● **Problem details**
For every entry below, give it back exactly and leave out any image.

(Excerpts from a dataset)
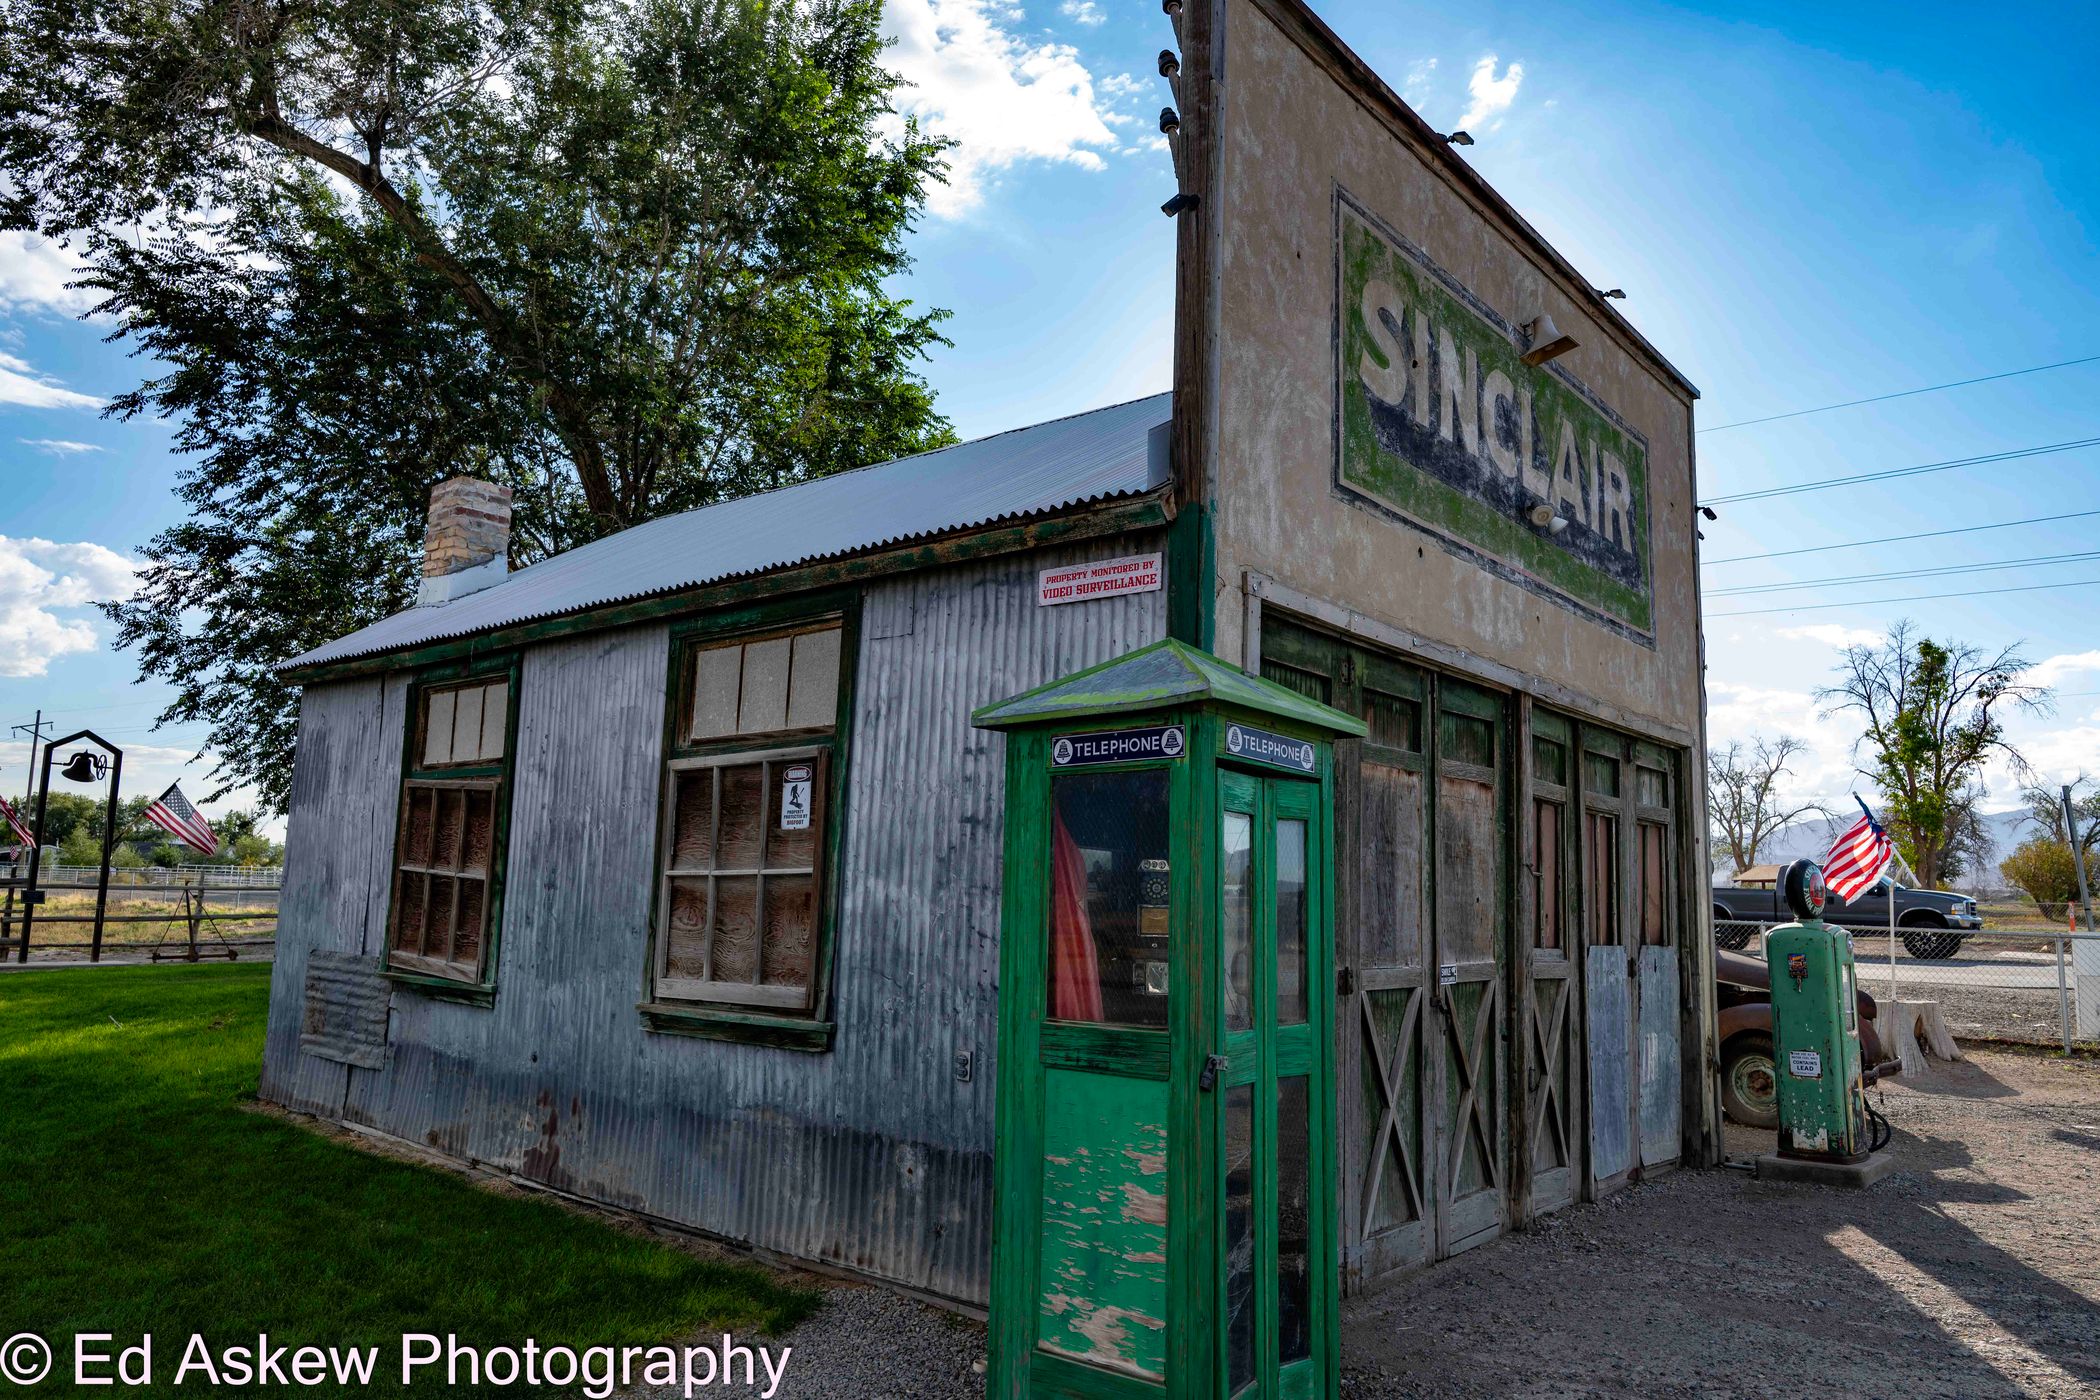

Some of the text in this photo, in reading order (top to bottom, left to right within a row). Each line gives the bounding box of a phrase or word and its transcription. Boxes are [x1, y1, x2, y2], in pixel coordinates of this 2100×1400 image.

[1359, 279, 1633, 554] SINCLAIR
[1046, 560, 1155, 585] PROPERTY MONITORED BY
[1043, 574, 1157, 600] VIDEO SURVEILLANCE
[1074, 735, 1160, 757] TELEPHONE
[1243, 734, 1300, 761] TELEPHONE
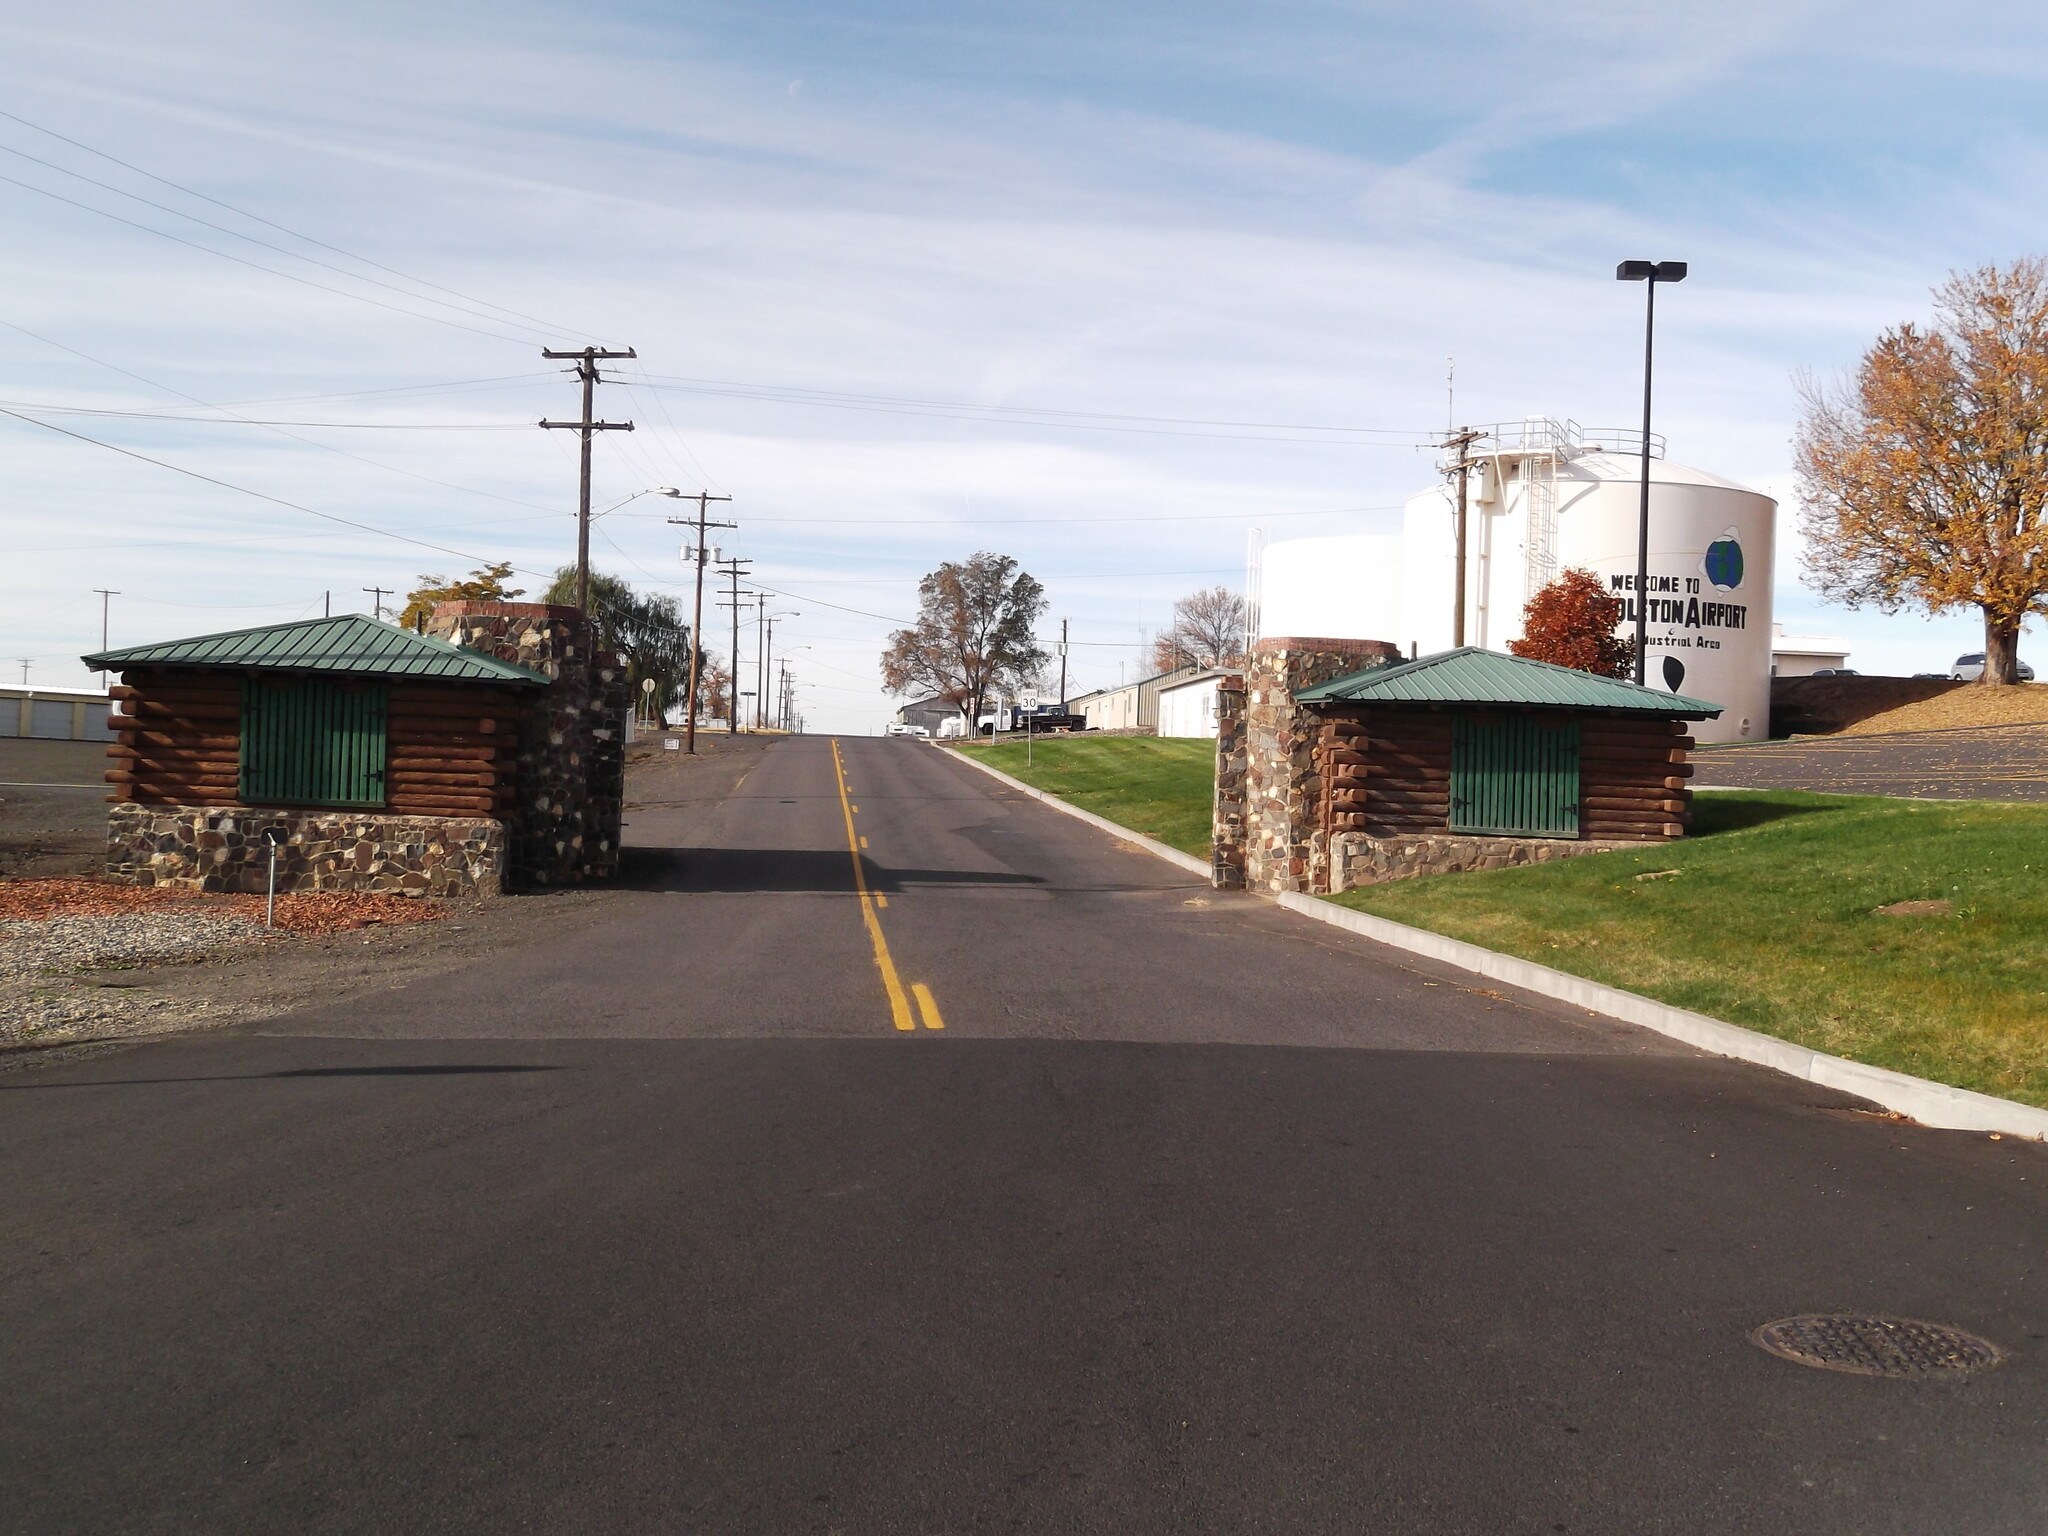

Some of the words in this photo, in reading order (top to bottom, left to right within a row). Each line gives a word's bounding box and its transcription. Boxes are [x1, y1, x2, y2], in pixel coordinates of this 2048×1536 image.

[1685, 578, 1700, 594] TO
[1685, 597, 1747, 629] AIRPORT
[1022, 698, 1036, 708] 30
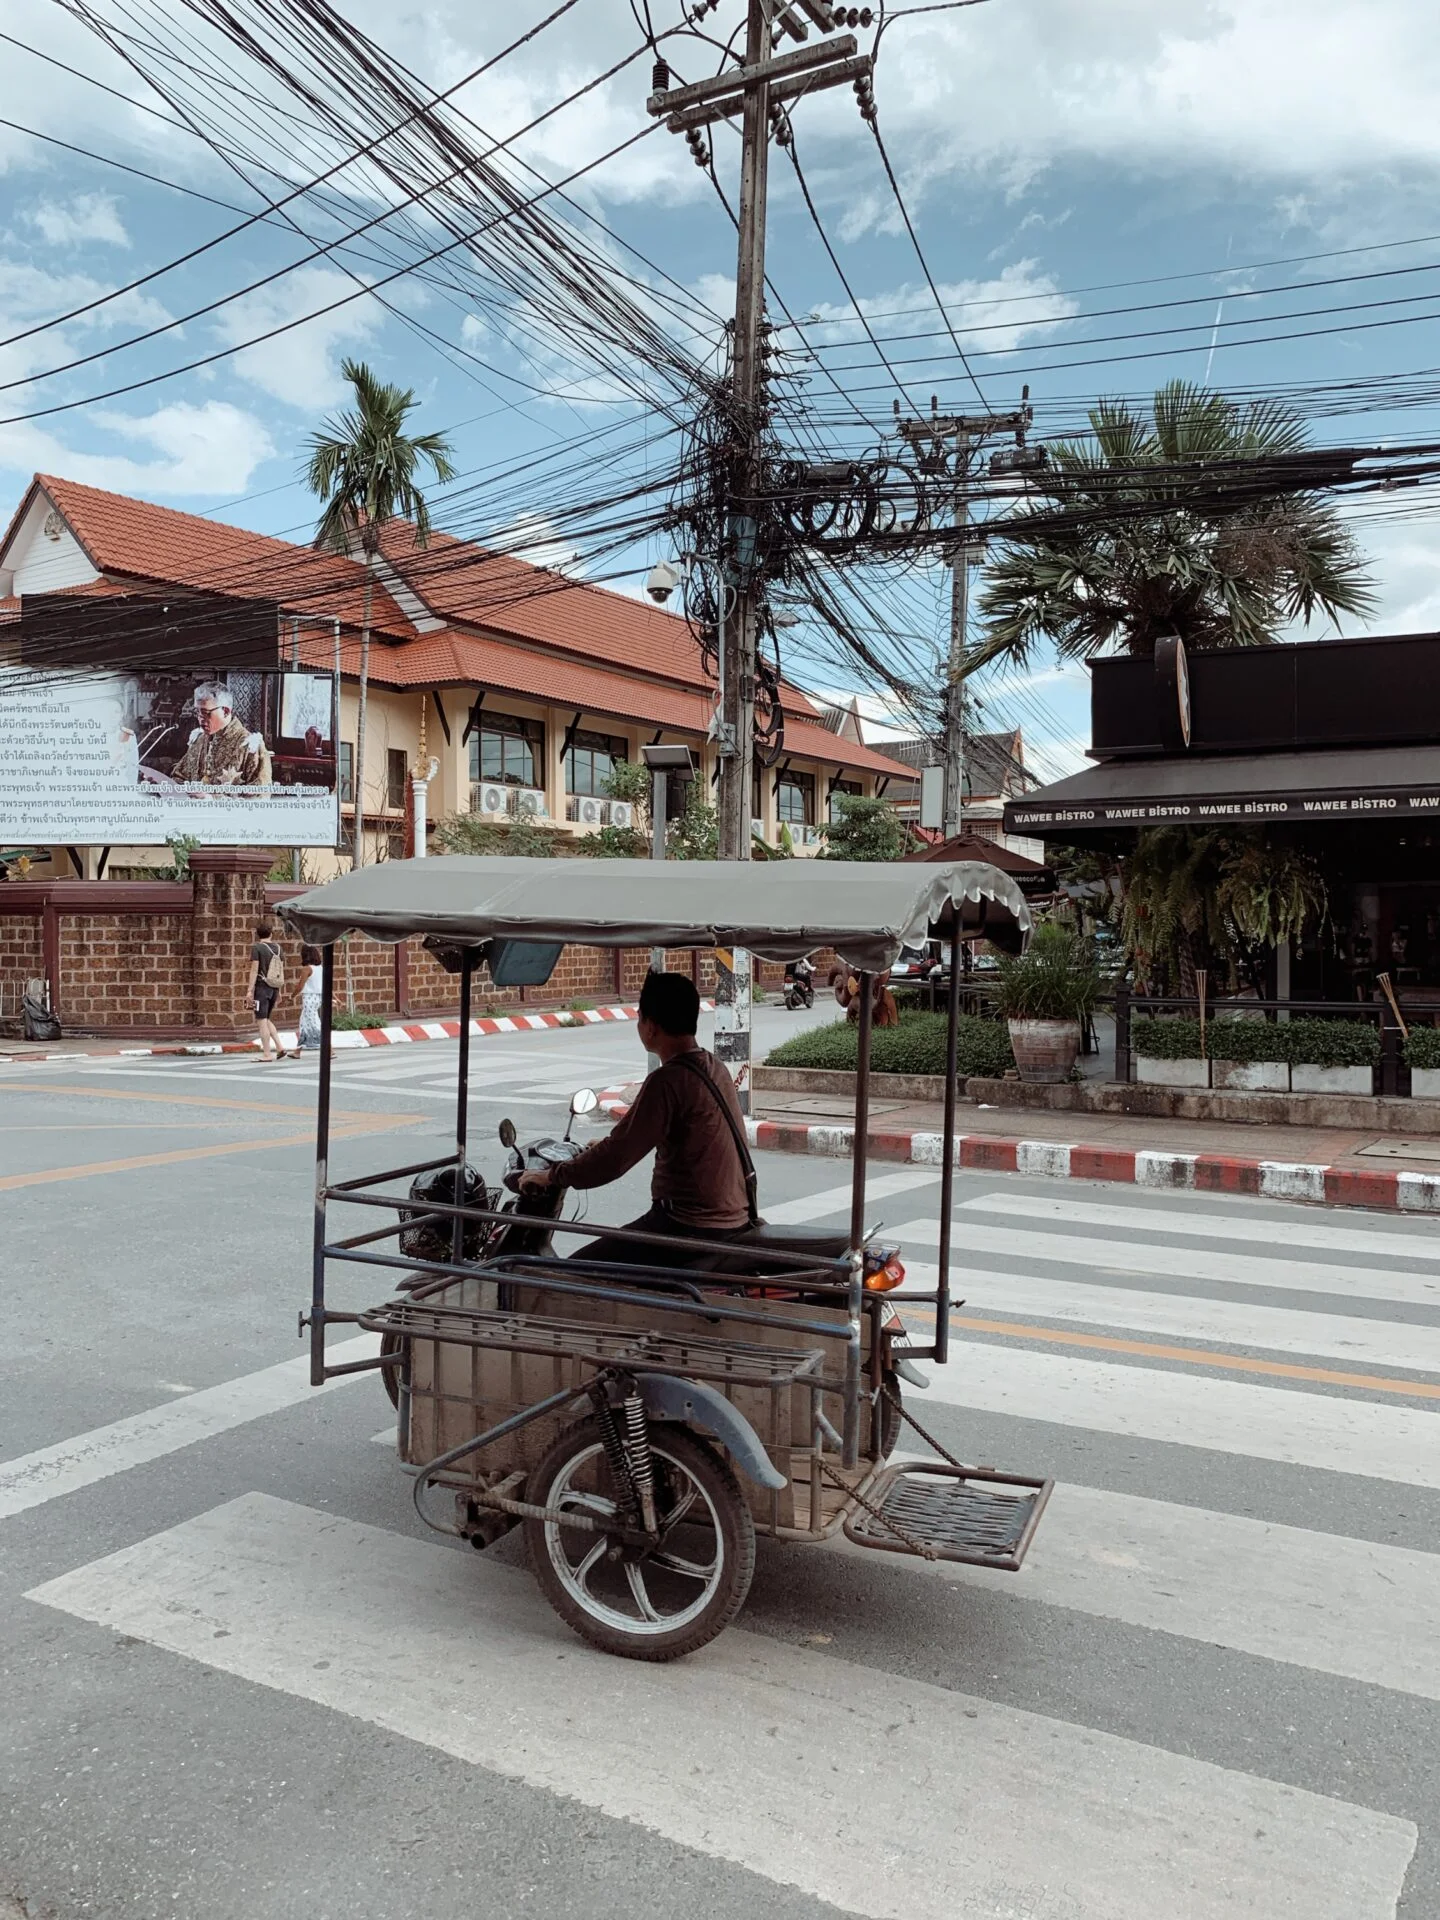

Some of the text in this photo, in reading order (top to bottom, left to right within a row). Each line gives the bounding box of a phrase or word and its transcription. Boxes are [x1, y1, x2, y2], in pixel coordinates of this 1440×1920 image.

[0, 782, 46, 795] ระพุทธเจ้า
[1014, 813, 1053, 824] WAWEE
[1106, 809, 1146, 819] WAWEE
[1199, 805, 1241, 815] WAWEE
[1304, 801, 1348, 811] WAWEE
[1409, 797, 1440, 808] WAW

● **Response for this exercise**
Some of the text in this photo, in reading order (top to bottom, left to right within a row). Each line gives the bounding box of a phrase or word and its transcription. Boxes are [x1, y1, x2, y2], in pixel coordinates of this 2100×1400 image.

[1359, 279, 1633, 554] SINCLAIR
[1046, 560, 1155, 585] PROPERTY MONITORED BY
[1043, 574, 1157, 600] VIDEO SURVEILLANCE
[1074, 735, 1160, 757] TELEPHONE
[1243, 734, 1300, 761] TELEPHONE

Some of the words in this photo, in reading order (top to bottom, left to right within a row). Each line gives a word's bounding box and its transcription. Boxes are [x1, y1, x2, y2], in pixel coordinates of this 2048×1536 image.

[1685, 578, 1700, 594] TO
[1685, 597, 1747, 629] AIRPORT
[1022, 698, 1036, 708] 30

Some of the text in this photo, in reading order (top to bottom, left to right within a row). Each line gives the bounding box of a phrase or word and its transcription. Boxes are [x1, y1, x2, y2], in pixel coordinates of this 1440×1920 image.

[0, 782, 46, 795] ระพุทธเจ้า
[1014, 813, 1053, 824] WAWEE
[1106, 809, 1146, 819] WAWEE
[1199, 805, 1241, 815] WAWEE
[1304, 801, 1348, 811] WAWEE
[1409, 797, 1440, 808] WAW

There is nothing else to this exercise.